Work to be completed:
Reproduce the whole listing word for word. Leave every image out.

Entries supplied:

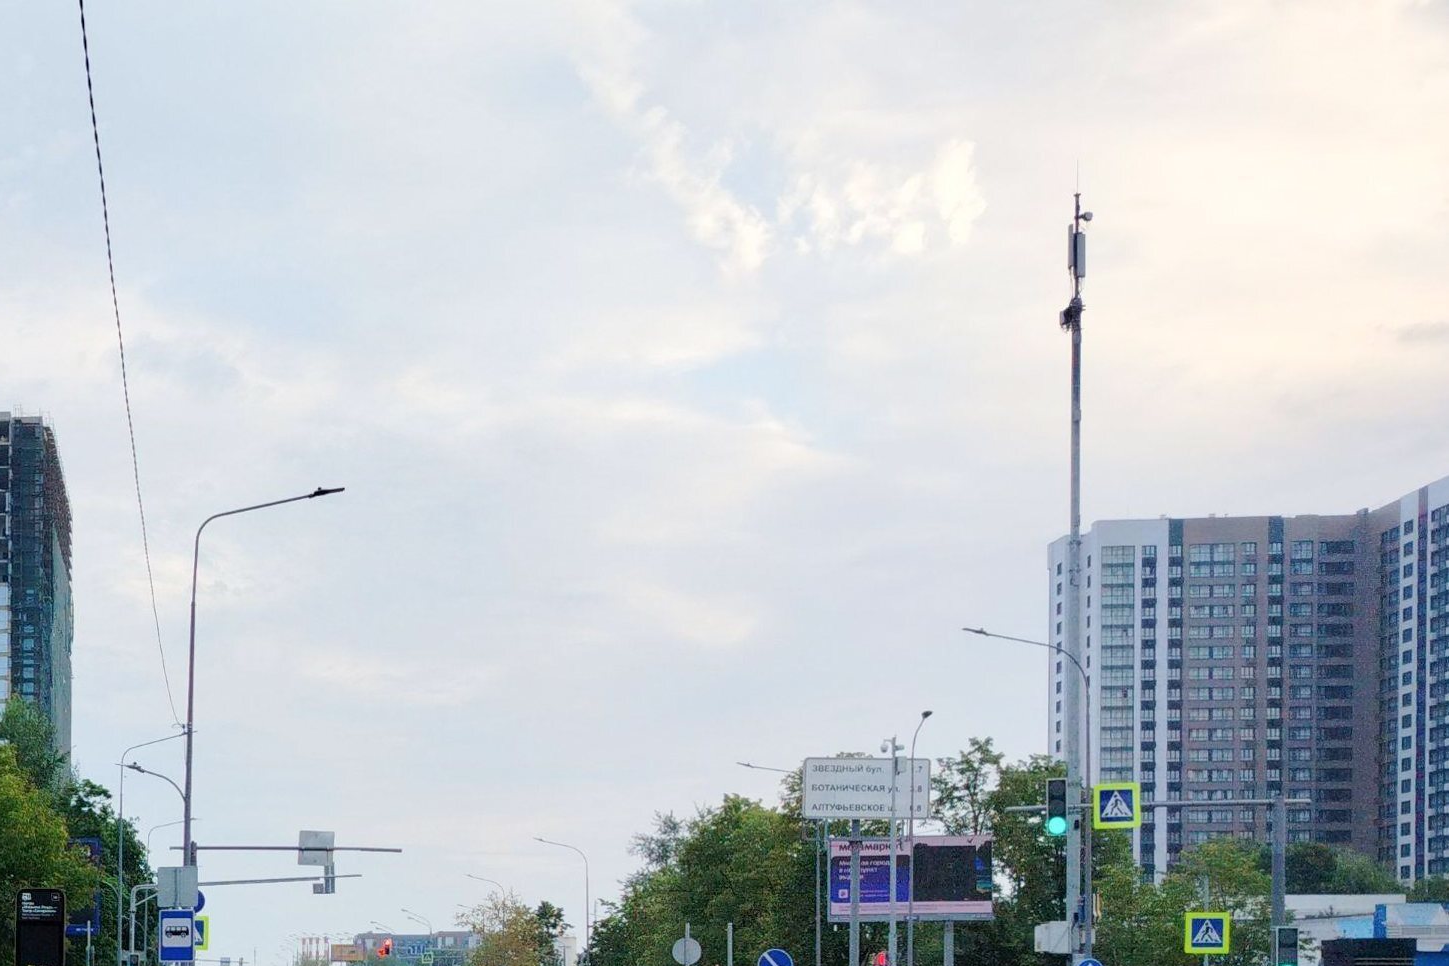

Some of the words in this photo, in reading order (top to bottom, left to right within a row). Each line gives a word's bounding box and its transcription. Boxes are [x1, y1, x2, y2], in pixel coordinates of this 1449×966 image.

[812, 764, 863, 773] ЗВЕЗДНЫЙ
[865, 765, 885, 774] бул.
[811, 784, 885, 793] БОТАНИЧЕСКАЯ
[812, 803, 885, 812] АЛТУФЬЕВСКОЕ
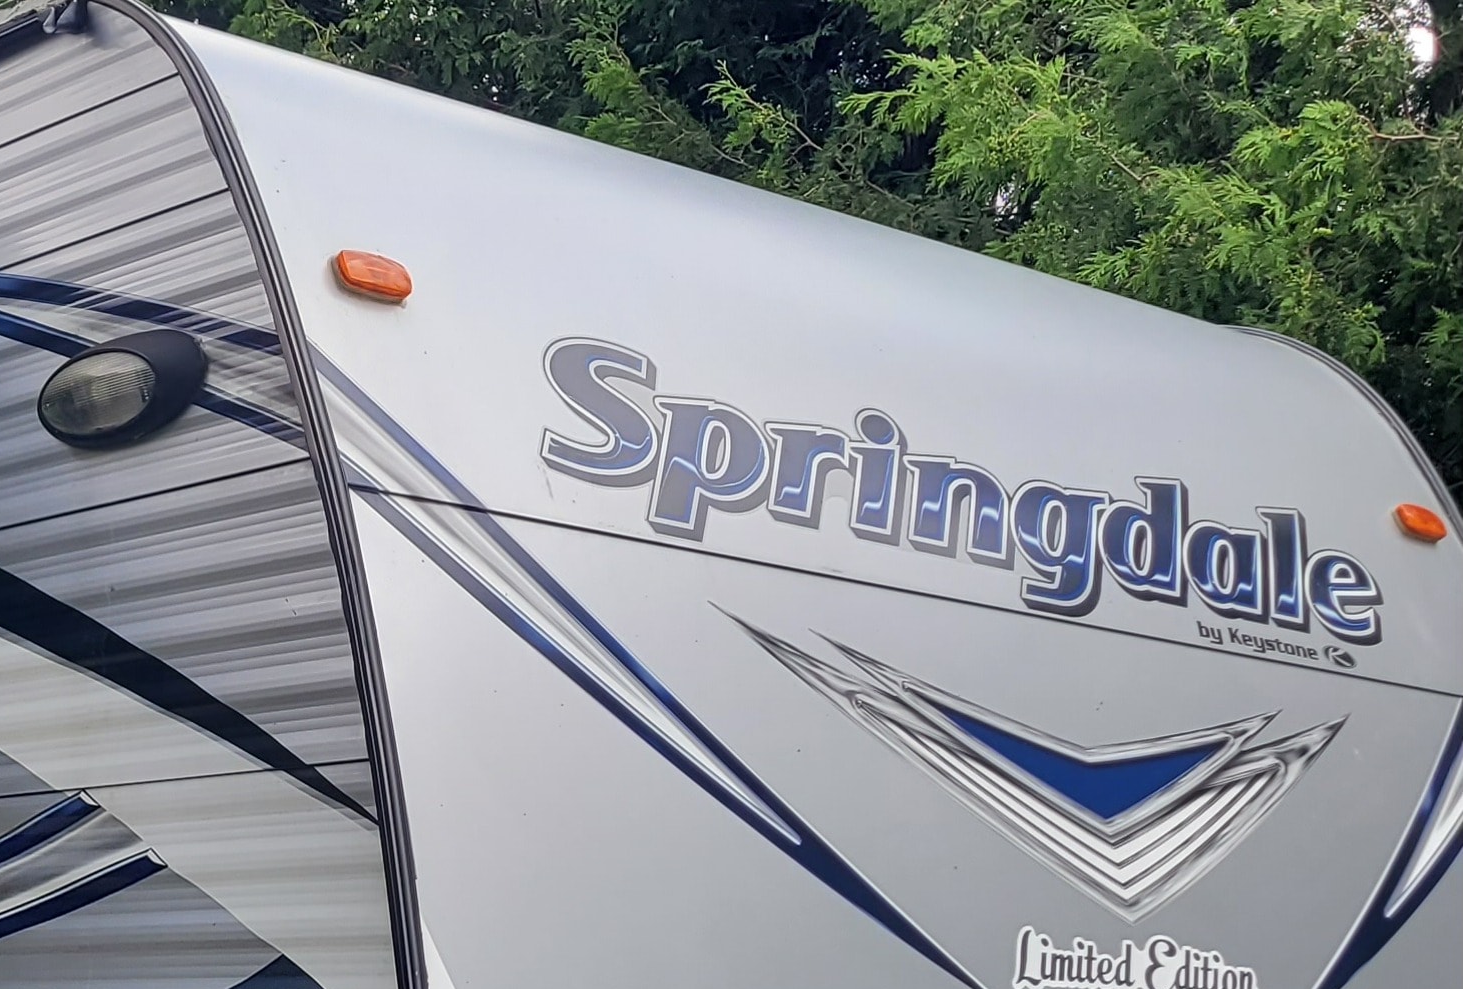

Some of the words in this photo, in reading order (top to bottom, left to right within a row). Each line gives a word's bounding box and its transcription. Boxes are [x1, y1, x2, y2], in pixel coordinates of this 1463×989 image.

[541, 336, 1382, 644] Springdale
[1196, 621, 1223, 645] by
[1227, 627, 1319, 660] Keystone
[1016, 929, 1134, 988] Limited
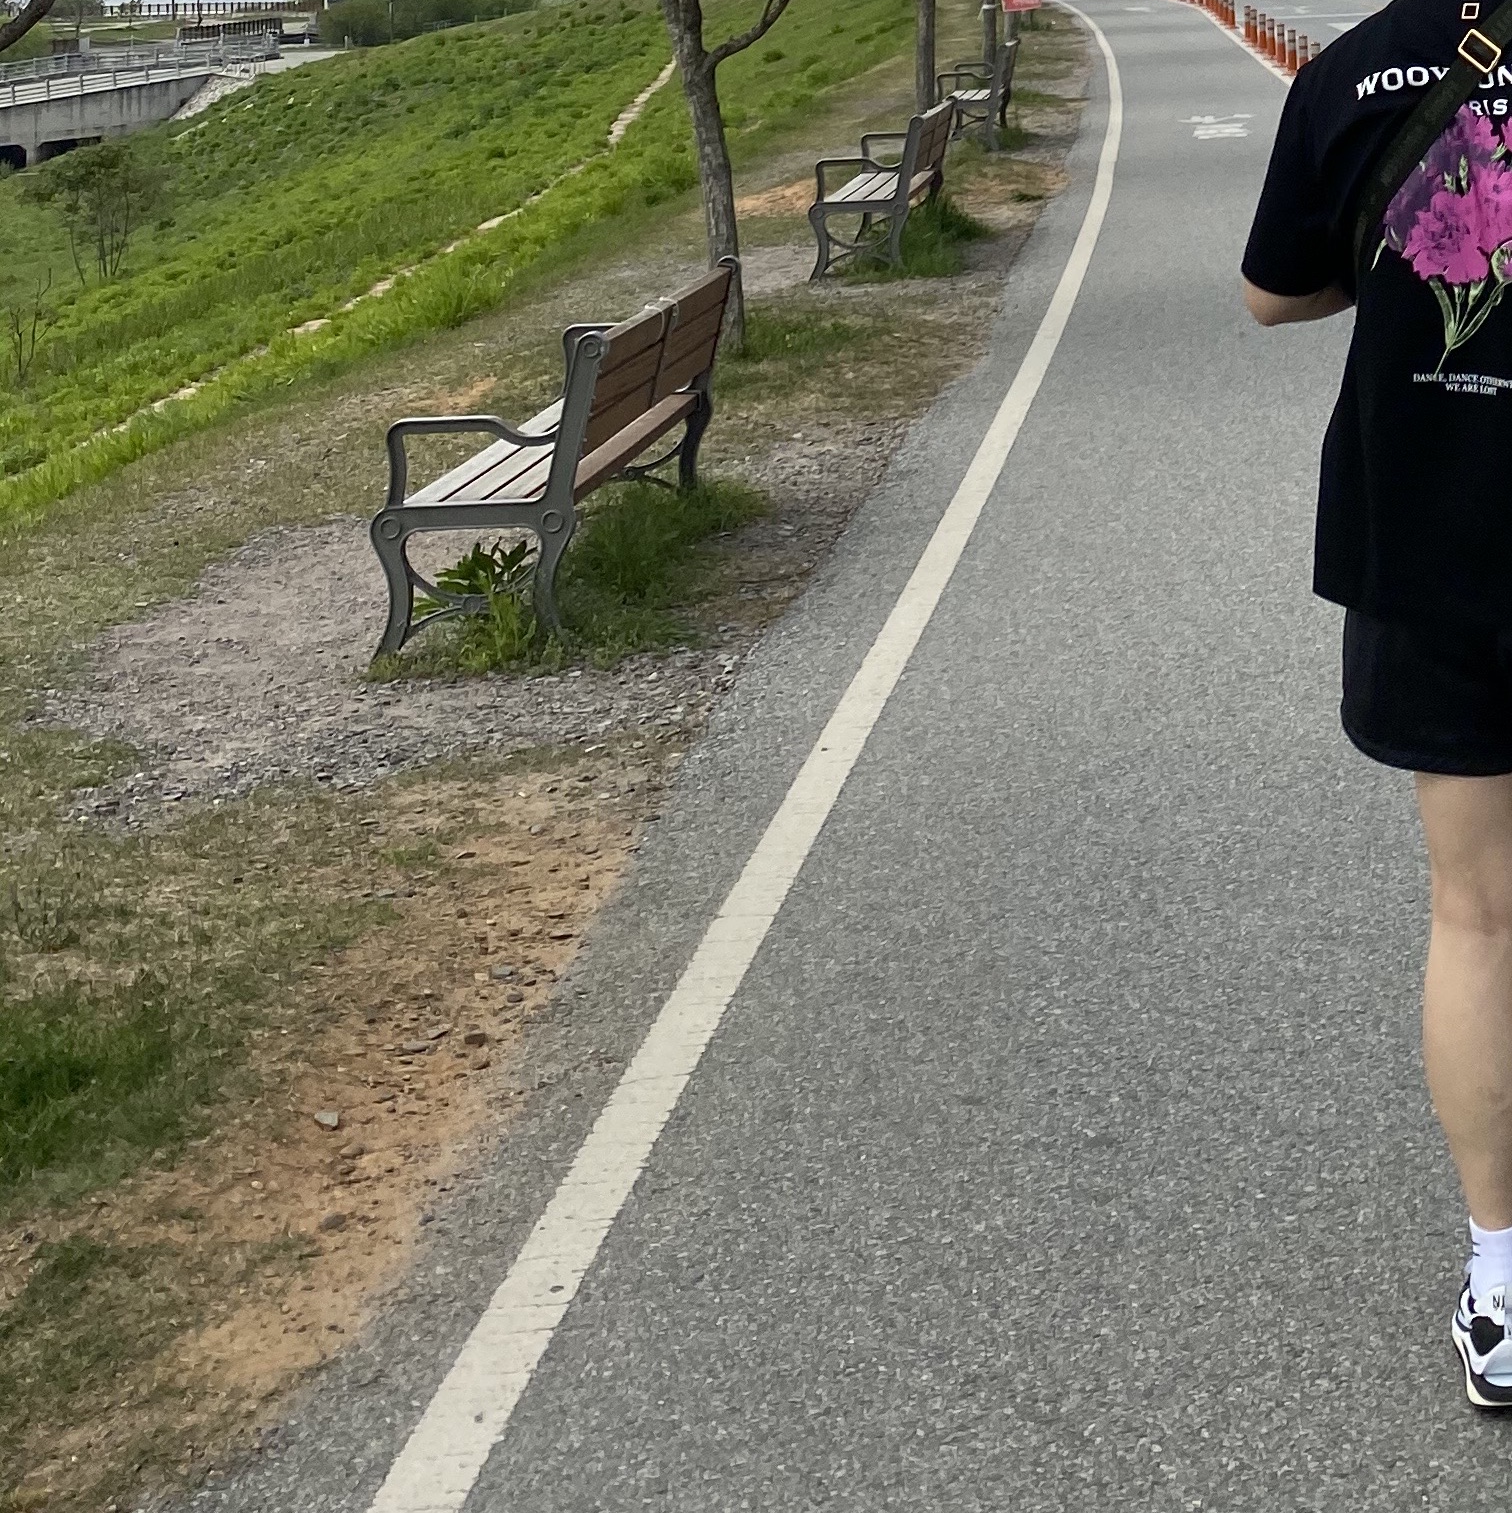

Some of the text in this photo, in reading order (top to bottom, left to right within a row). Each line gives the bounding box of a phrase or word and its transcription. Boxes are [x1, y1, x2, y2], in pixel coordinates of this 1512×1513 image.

Solution:
Some of the words in this photo, in reading order (top to bottom, left to right within a row). Each line gives a word's bounding box and its transcription. Boxes are [x1, y1, x2, y2], in pixel coordinates of this 1449×966 image.

[812, 764, 863, 773] ЗВЕЗДНЫЙ
[865, 765, 885, 774] бул.
[811, 784, 885, 793] БОТАНИЧЕСКАЯ
[812, 803, 885, 812] АЛТУФЬЕВСКОЕ

Some of the words in this photo, in reading order (top to bottom, left to right within a row). Each line gives a word's bounding box and its transcription. Boxes are [x1, y1, x2, y2], in pixel coordinates of this 1463×989 image.

[541, 336, 1382, 644] Springdale
[1196, 621, 1223, 645] by
[1227, 627, 1319, 660] Keystone
[1016, 929, 1134, 988] Limited

Some of the text in this photo, in reading order (top to bottom, left to right within a row). Each line gives the bounding box of a phrase or word and its transcription. Boxes are [x1, y1, x2, y2], in pixel coordinates of this 1512×1513 image.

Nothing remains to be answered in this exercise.